- _AIM OF THE EXERCISE_
The answer is all of the entries below, repeated exactly and free of pictures.

- _DATA SECTION_
· · · ·

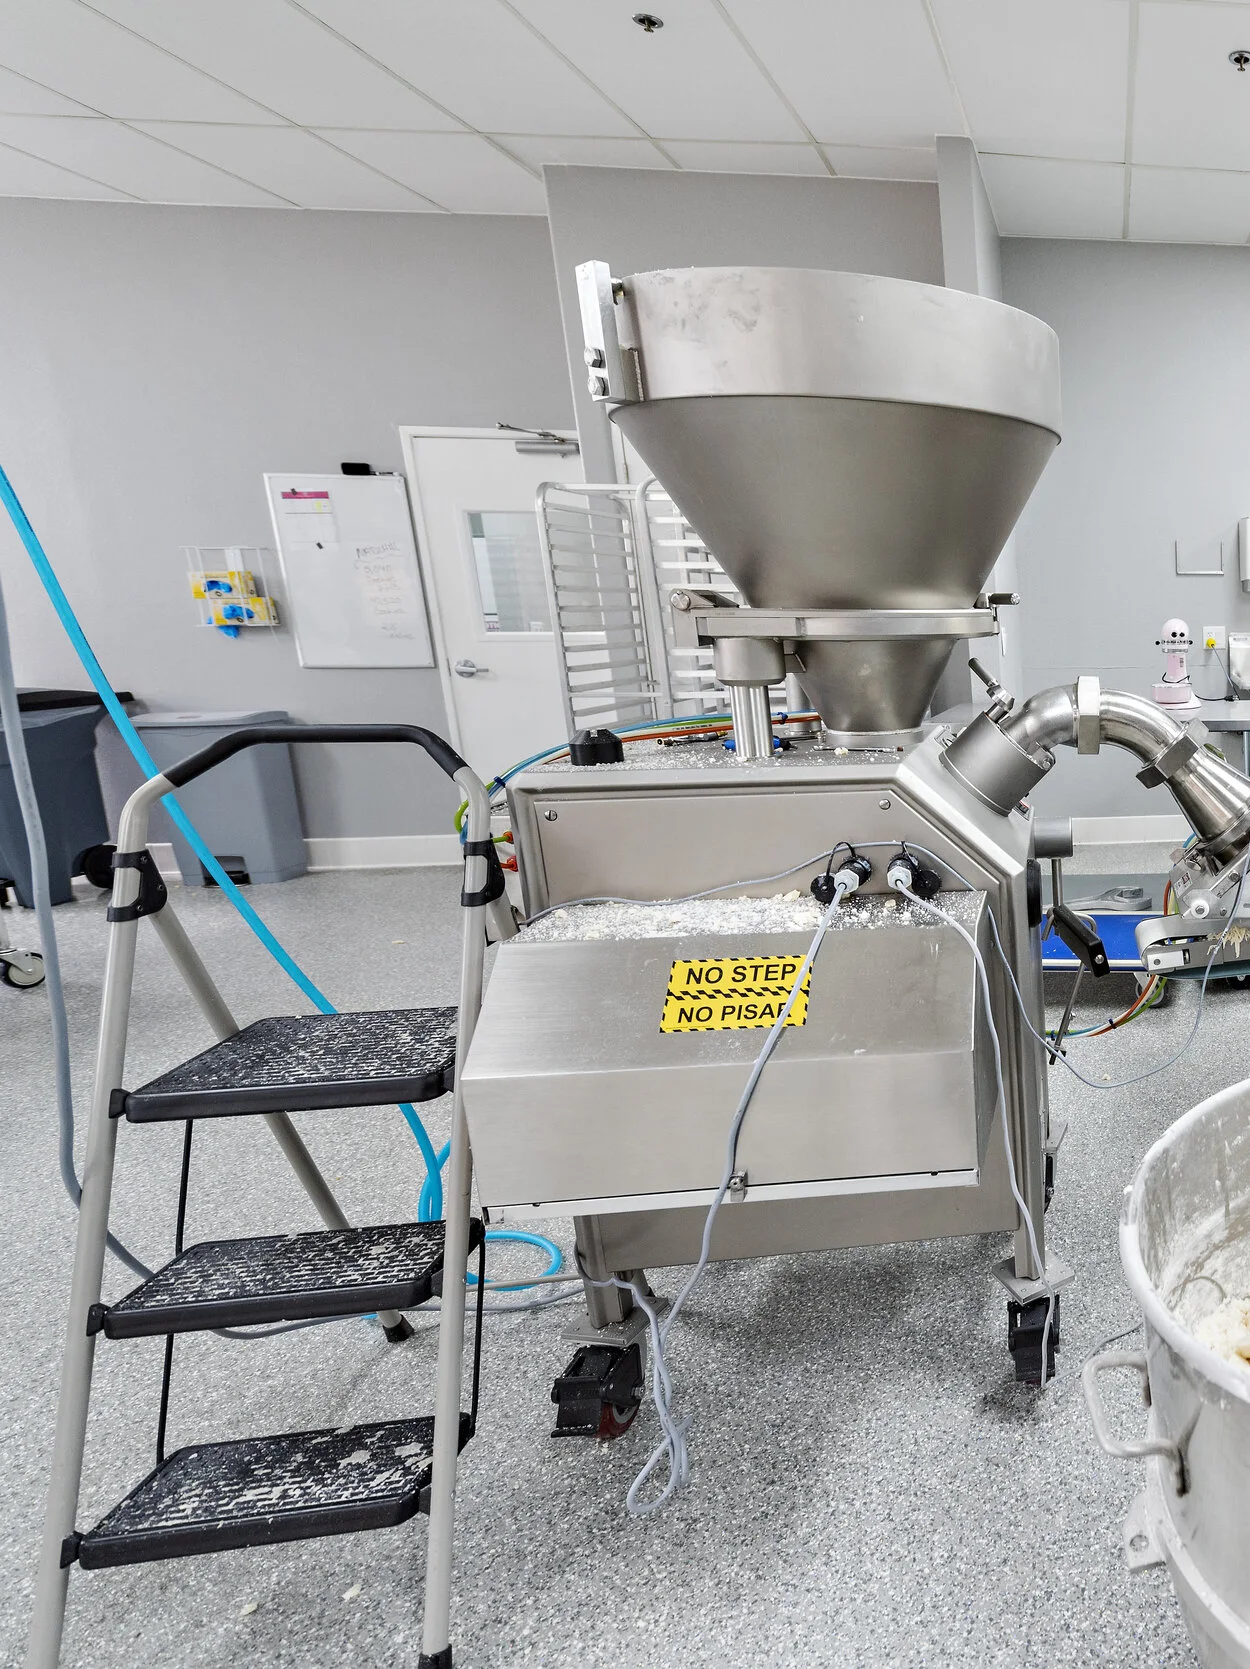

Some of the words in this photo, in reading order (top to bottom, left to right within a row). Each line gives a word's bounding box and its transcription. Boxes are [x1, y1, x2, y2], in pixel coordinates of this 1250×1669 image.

[686, 966, 724, 985] NO
[731, 963, 797, 983] STEP
[678, 1006, 714, 1023] NO
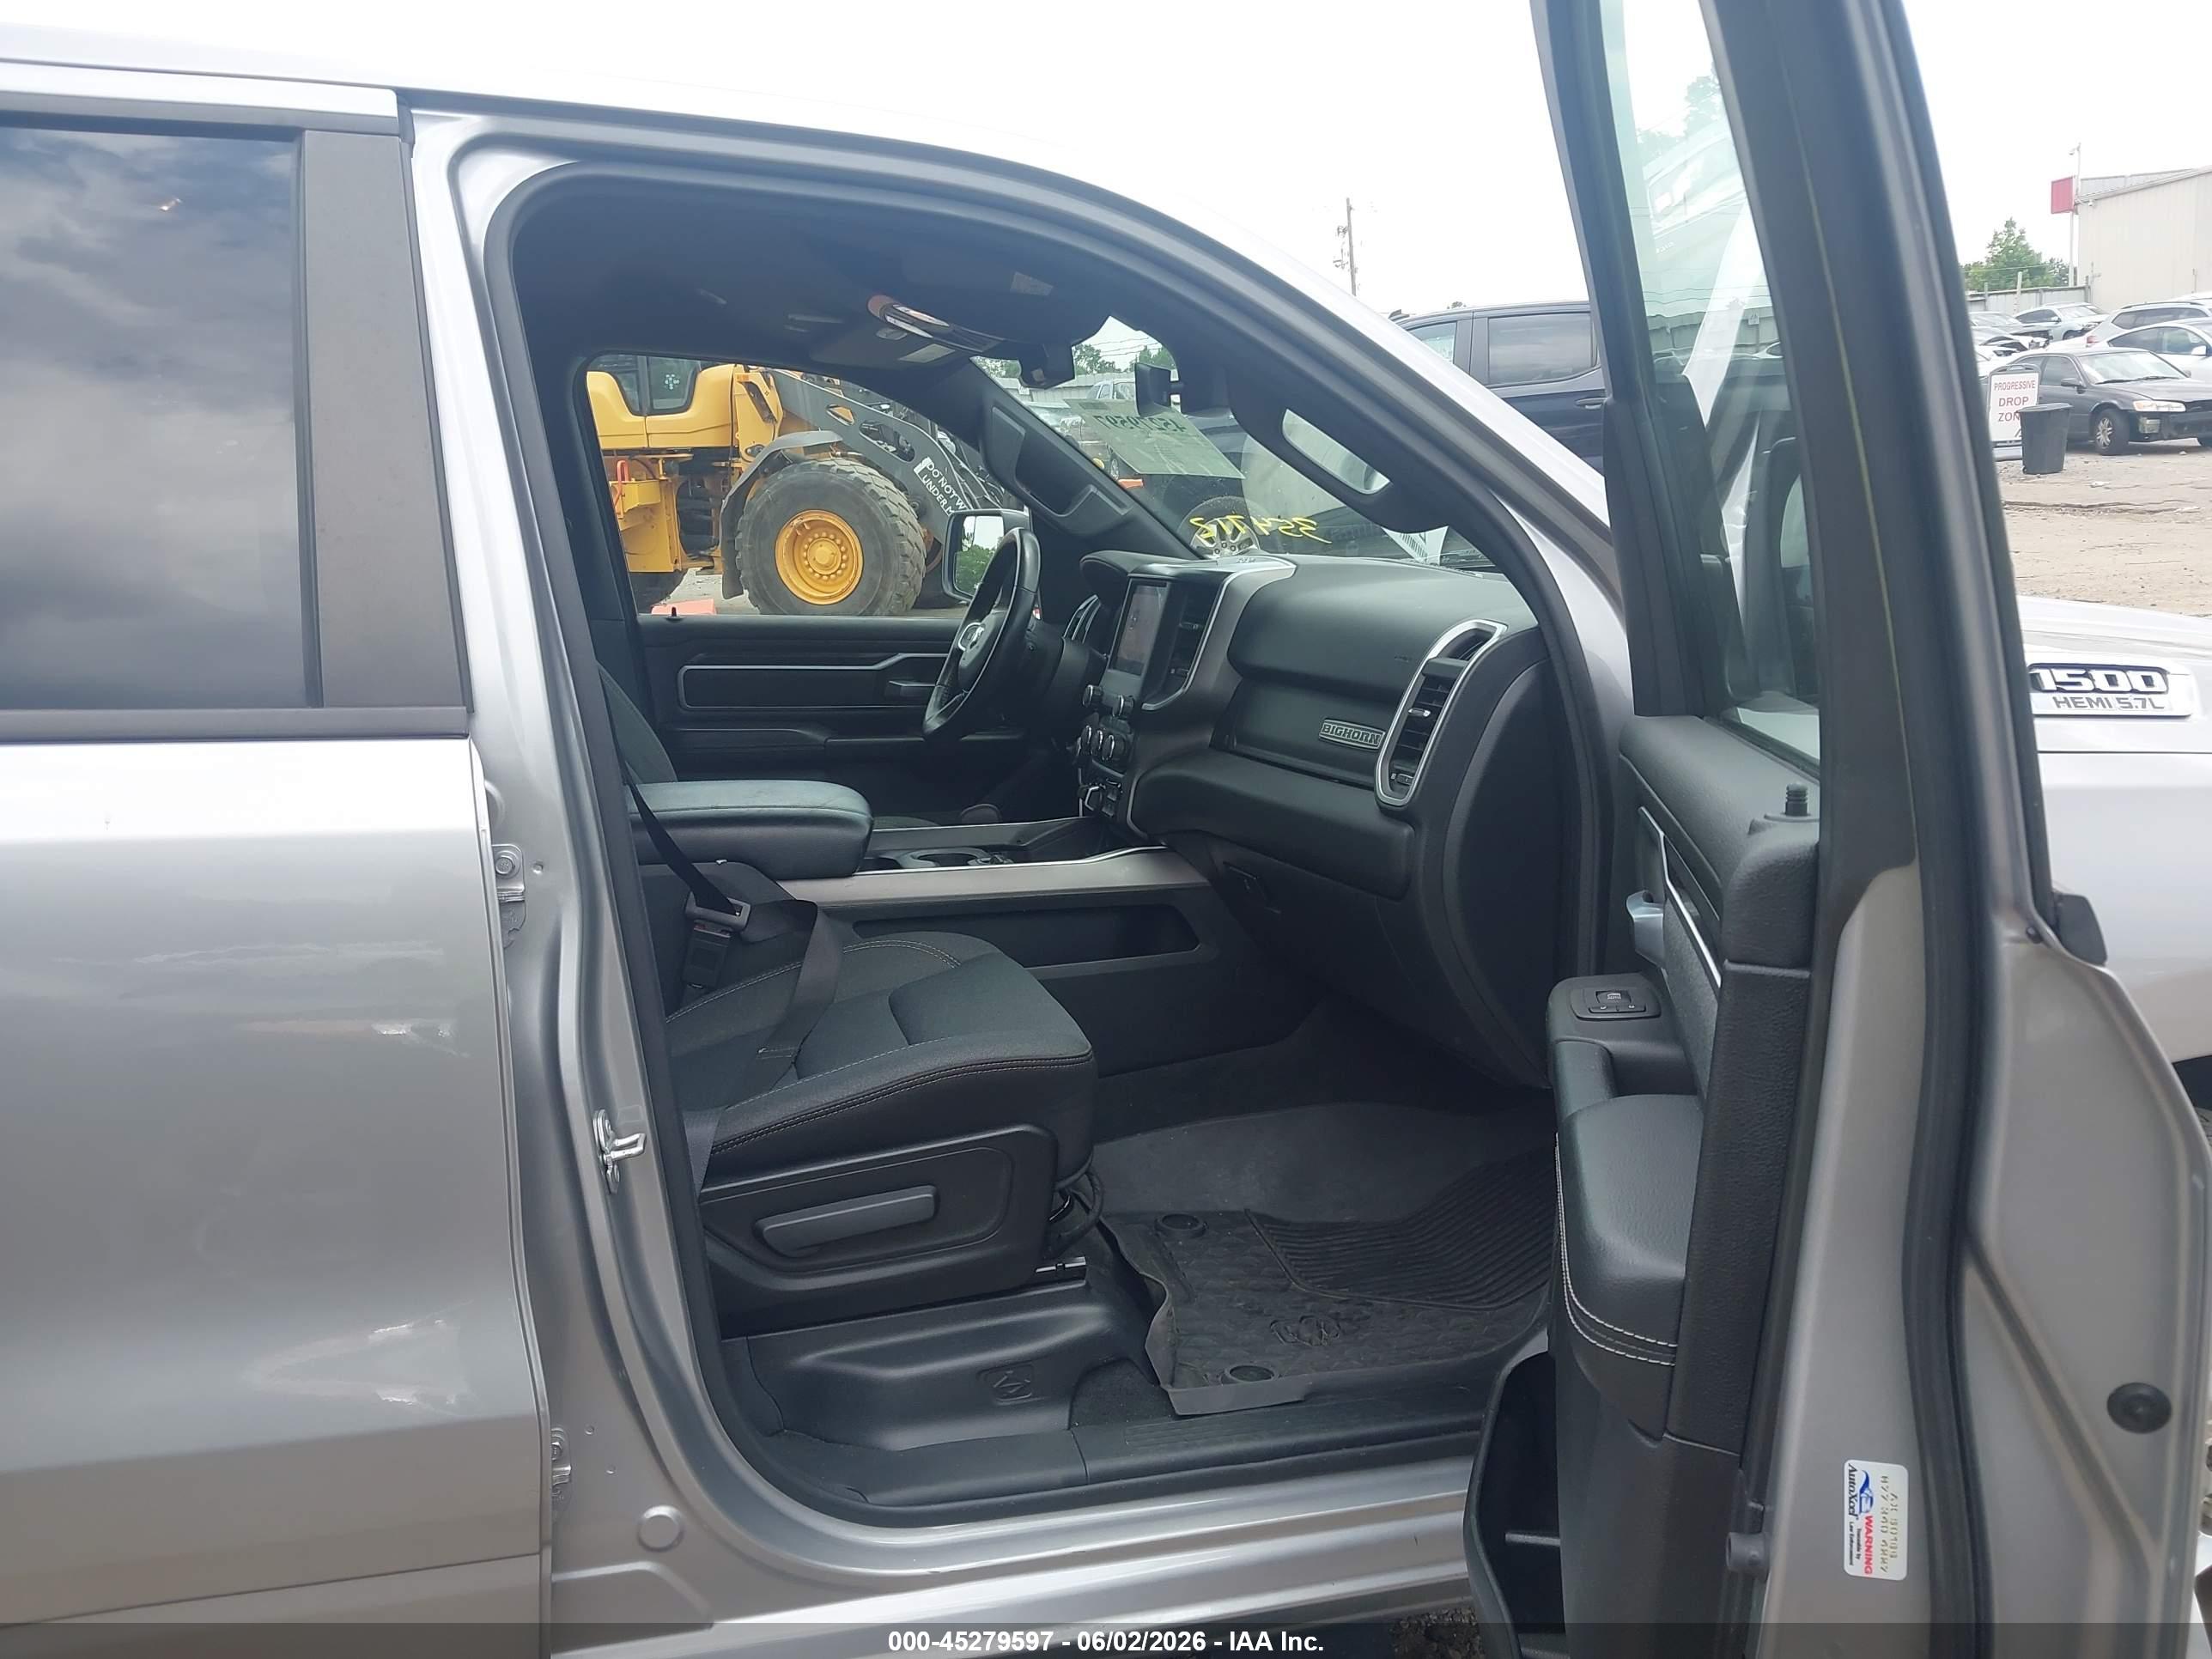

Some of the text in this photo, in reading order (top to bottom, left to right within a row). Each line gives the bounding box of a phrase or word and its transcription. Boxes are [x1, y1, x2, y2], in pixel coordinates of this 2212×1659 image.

[1994, 380, 2036, 391] PROGRESSIVE
[1998, 396, 2029, 407] DROP
[1998, 412, 2021, 422] ZON
[922, 474, 948, 507] UNDER
[927, 462, 940, 477] DO
[938, 477, 957, 498] NOT
[2027, 665, 2169, 694] 1500
[2052, 696, 2165, 709] HEMI 5.7L
[1321, 722, 1382, 745] BIGHORN
[1848, 1463, 1859, 1517] AutoXcel
[1864, 1515, 1874, 1575] WARNING

· · · ·

- _WRITTEN REPLY_
Some of the words in this photo, in reading order (top to bottom, left to right within a row). Each line gives a word's bounding box and its transcription. Boxes are [x1, y1, x2, y2], in pixel coordinates of this 1250×1669 image.

[686, 966, 724, 985] NO
[731, 963, 797, 983] STEP
[678, 1006, 714, 1023] NO

Some of the text in this photo, in reading order (top to bottom, left to right within a row). Each line gives the bounding box of a phrase or word and its transcription. Boxes are [x1, y1, x2, y2], in pixel coordinates of this 2212×1659 image.

[1994, 380, 2036, 391] PROGRESSIVE
[1998, 396, 2029, 407] DROP
[1998, 412, 2021, 422] ZON
[922, 474, 948, 507] UNDER
[927, 462, 940, 477] DO
[938, 477, 957, 498] NOT
[2027, 665, 2169, 694] 1500
[2052, 696, 2165, 709] HEMI 5.7L
[1321, 722, 1382, 745] BIGHORN
[1848, 1463, 1859, 1517] AutoXcel
[1864, 1515, 1874, 1575] WARNING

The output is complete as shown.